What about you? Are you losing focus trying to let your clients “have it their way,” even when it conflicts with your core business and core value? The liberating reality is, you’re not Burger King. You can succeed even when you don’t let clients have it their way. In fact, you and even your clients will probably be happier if you don’t.
Here are three stories for you to ponder:
(1) Yesterday, I had lunch with an EA from Pittsburgh whose firm prepares 1000 returns a year (all of which he personally reviews) and who’s struggling to succeed adding financial services. Over the course of the lunch, I discovered that he was contemplating offering health insurance to his clients (to help implement changes due to Obamacare), and even managed much of their P&C insurance needs!
Here was a guy in dreadful need of focus.

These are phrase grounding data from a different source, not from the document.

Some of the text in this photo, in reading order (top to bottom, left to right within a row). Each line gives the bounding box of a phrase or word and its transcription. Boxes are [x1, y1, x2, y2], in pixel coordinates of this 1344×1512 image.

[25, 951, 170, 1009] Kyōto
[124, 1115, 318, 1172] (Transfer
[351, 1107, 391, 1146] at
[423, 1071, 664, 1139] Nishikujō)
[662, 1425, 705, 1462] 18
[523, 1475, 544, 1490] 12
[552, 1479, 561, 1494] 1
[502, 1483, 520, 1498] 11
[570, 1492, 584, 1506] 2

There’s no way he can do a competent job of managing all those needs! (To his credit, he realized this truth.) My advice, for what it was worth, was to partner with outside professionals in each area other than tax, and be happy with a share of a greater revenue pool that those qualified professionals would generate.
(2) At that same lunch, an estate planning attorney griped that he wants to focus on estate planning and financial services. But his partner occasionally “dared” him to accept litigation assignments, which he invariably accepted and then regretted.

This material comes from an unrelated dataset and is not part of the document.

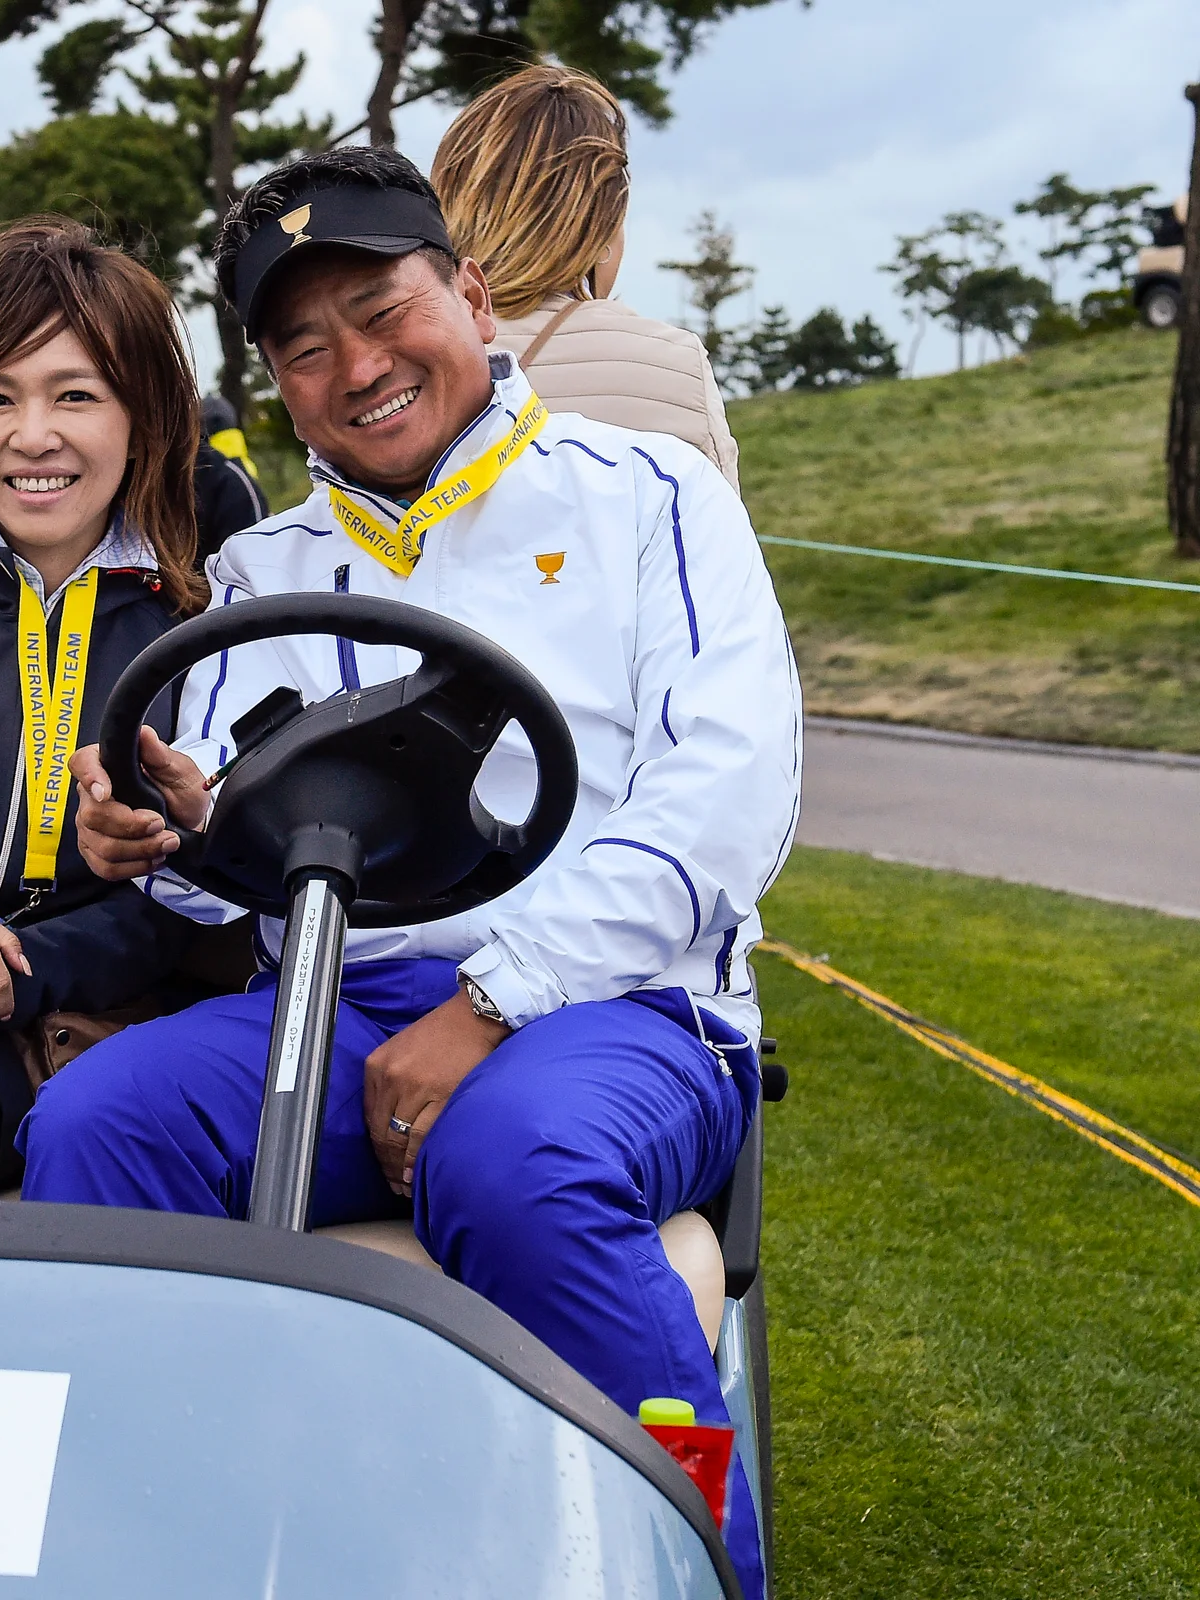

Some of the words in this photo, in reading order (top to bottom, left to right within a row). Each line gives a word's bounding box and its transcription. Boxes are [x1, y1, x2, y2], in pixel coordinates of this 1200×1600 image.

[430, 479, 472, 511] TEAM
[38, 686, 76, 835] INTERNATIONAL
[63, 633, 82, 682] TEAM

This one was easy. I asked him if he was 12 years old. When he said “no,” I told him to grow the hell up and say “no” when his stupid partner “dared” him to do something dumb — especially something that dragged their firm’s focus away from their core business plan.
(3) Finally, last month at the Tampa RoundTable, one of our All-Stars members told me he struggled (and sometimes stalled) with new clients, unsure if he should put them on monthly maintenance agreements (which he prefers) or let them pay for services a la carte (which they sometimes request). I told him he would find life a lot easier if he just said, “I bill all new clients on a monthly basis, and if you want the benefit of my proactive planning, this is how it works.” I realize it takes courage and confidence to say something like that. But when you see how willing clients are to follow your lead, you’ll kick yourself for ever letting a client dictate to you how to run your business!
If you’re looking to grow your business, you simply can’t just let clients “have it their way.” I’m not saying to shortchange them or disrespect them. But you’re going to have to create your own systems for fulfilling work, and sometimes those systems will have to take precedence over your clients’ wishes. You’re also going to have to pick and choose which pies you want to stick your finger into, which pies you want to just supervise, and which pies you want to outsource completely. Then, let your clients know what value they get from letting you do it your way — and deliver that value to delight them!
Frank Sinatra used to sing “I did it MYYYYYYYYYY WAAAAAAAAAAAAAY.” Great. if your client is Frank Sinatra, he gets it his way. But if your client is anyone else, do it your way. And don’t regret it!